To be more specific, Duane Byrge, senior film critic for The Hollywood Reporter, and I led a Coffee Talk for a handful of students at Wake Forest University. As we discussed film criticism, viable career paths and filmmakers such as Ingmar Bergman and Woody Allen, I appreciated how invigorating it was to talk to kids whose knowledge of cinema extends far beyond Adam Sandler comedies and Transformers sequels. It was a nice reminder that people of all ages still appreciate movies as an art form unto itself and not just a way to pass a Saturday night.
SEX(ED): THE MOVIE — “What if I want to have sex before I’m married?” asks the young high school boy. Replies the teacher, “Then you better be prepared to die!” And thus goes the helpful advice seen in one of the vintage clips shown in Sex(Ed): The Movie, a humorous if truncated look at the manner in which sex education has been taught in the United States over the past century. As she revealed in a post-screening Q&A session, writer-director-producer Brenda Goodman spent eight years on this project, culling snippets from hundreds of sex-ed films from 1916 through the present day and landing interviews with various talking heads ready to discuss the taboo topic at hand. What emerges is hardly revelatory — this is a puritanical nation that has always had trouble engaging in worthy conversations when it comes to the birds and bees — but thanks to well-selected clips and some insights from the engaging participants, the film is well worth the time. Goodman employs the clips not only to illustrate the evolution (or lack thereof) of cinematic representations of sexual behavior but also to show how they fit into larger national discussions involving reproductive rights, homosexuality, the women’s movement, birth control and more. The movie could stand being longer — at 77 minutes, there’s simply too much material to adequately cover — but the vintage clips are fascinating to watch, especially the early ones that lay the blame for venereal diseases entirely on women. More than one interviewee also points outs how the sex-ed films aimed at males tended on balance to be more jovial, often with an air of “boys will be boys” insouciance, while the ones geared toward females tended to be more shrill as well as less informative. One would think that the passage of time into more progressive eras would help, but nope: Between President Clinton’s cowardly and hypocritical dismissal of Surgeon General Joycelyn Elders for speaking positively and honestly about masturbation to the money- and time-wasting abstinence programs in high schools, the film illustrates that the U.S. remains as frigid as ever.

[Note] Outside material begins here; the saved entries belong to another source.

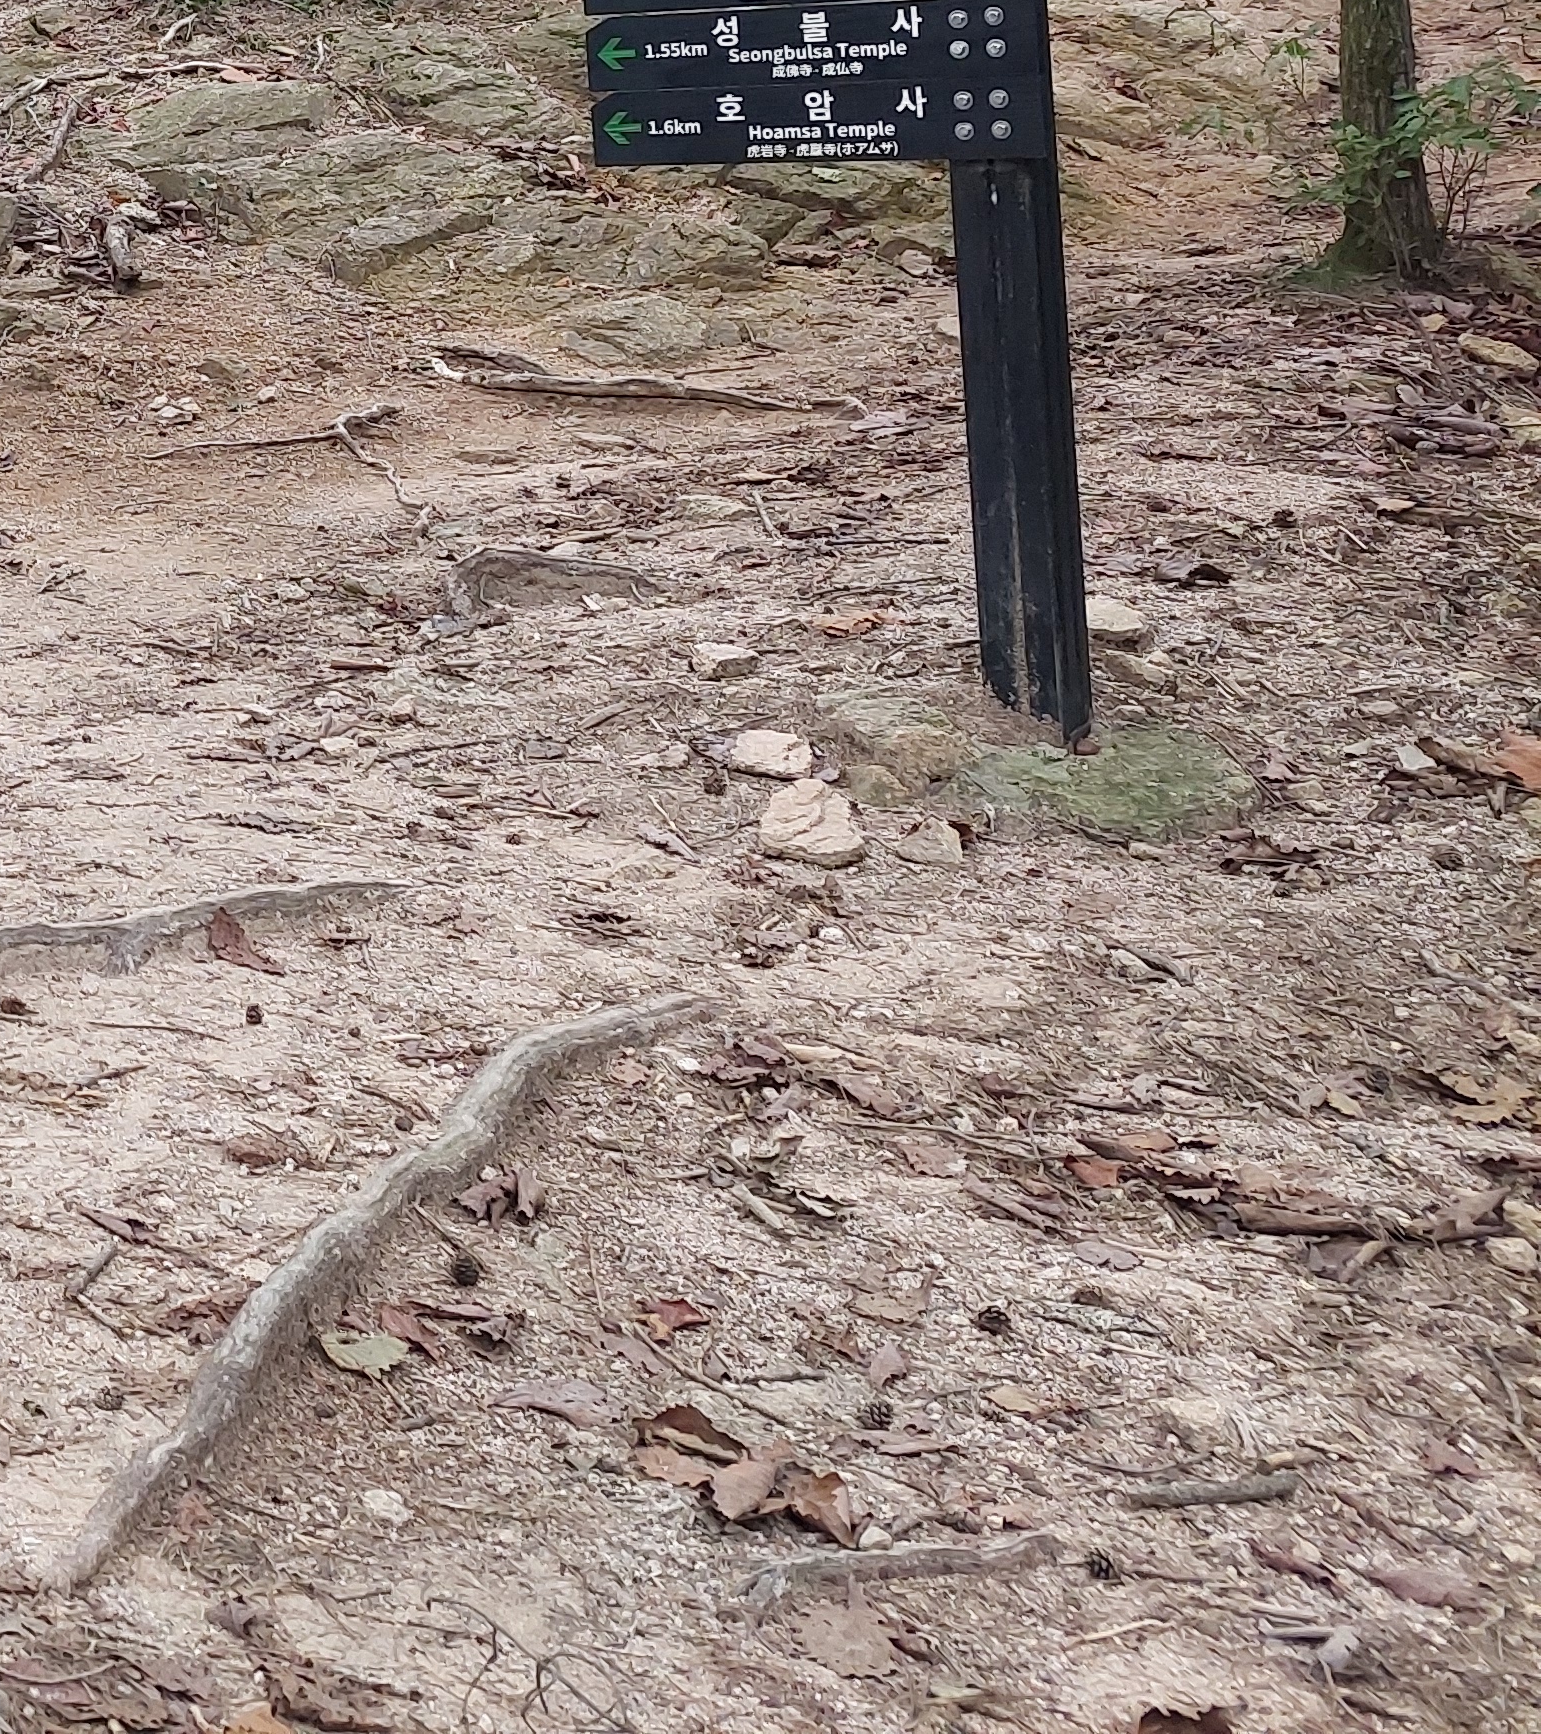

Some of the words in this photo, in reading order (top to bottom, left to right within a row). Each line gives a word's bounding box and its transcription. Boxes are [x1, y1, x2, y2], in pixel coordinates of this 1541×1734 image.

[644, 42, 708, 59] 1.55km
[727, 44, 833, 64] Seongbulsa
[836, 39, 908, 59] Temple
[647, 119, 701, 136] 1.6km
[748, 124, 822, 141] Hoamsa
[825, 120, 896, 140] Temple

I’LL SEE YOU IN MY DREAMS — It’s an understandable injustice that Gwyneth Paltrow is far more famous than her equally talented mom, Blythe Danner. After all, Paltrow has enjoyed plenty of leading roles in films (including an Oscar-winning one for Shakespeare in Love), while Danner has almost been exclusively relegated to supporting turns over the course of her lengthy career. But director Brett Haley, a graduate from UNCSA here in Winston-Salem (he and producers Rebecca Green and Laura Smith were on hand for a post-screening Q&A), has graciously handed her a plum starring role in I’ll See You in My Dreams, a confident feature angel-kissed with an enviable cast (extending well beyond just Danner) and an often lovely script penned by Haley and Marc Basch. Danner stars as Carol, a widower who lost her husband 20 years ago and is in the process of losing her ailing dog in the film’s first few minutes. With her faithful companion no longer at her side, Carol now drinks her wine and eats her salads in an empty house, with her social life consisting solely of playing cards with her three friends (Mary Kay Place, Rhea Perlman and Nebraska Oscar nominee June Squibb). Her life soon gets shaken up, though, by the near-simultaneous arrival of two men: Lloyd (Martin Starr), her 30-something pool boy, and Bill (Sam Elliott), an eligible bachelor her own age. Haley nicely contrasts Carol’s relationships with the pair, showing how her friendship with Lloyd allows her to engage with a kindred spirit (he gets her out of the house for beer and karaoke) while her romance with Bill provides her with the tenderness and closeness she hadn’t even realized she missed. Haley and Basch fill their script with gently humorous incidents (the seniors smoking pot, Carol’s close encounters with a rat), but these almost feel like filler when compared to the complex human connections at the heart of this sensitive film.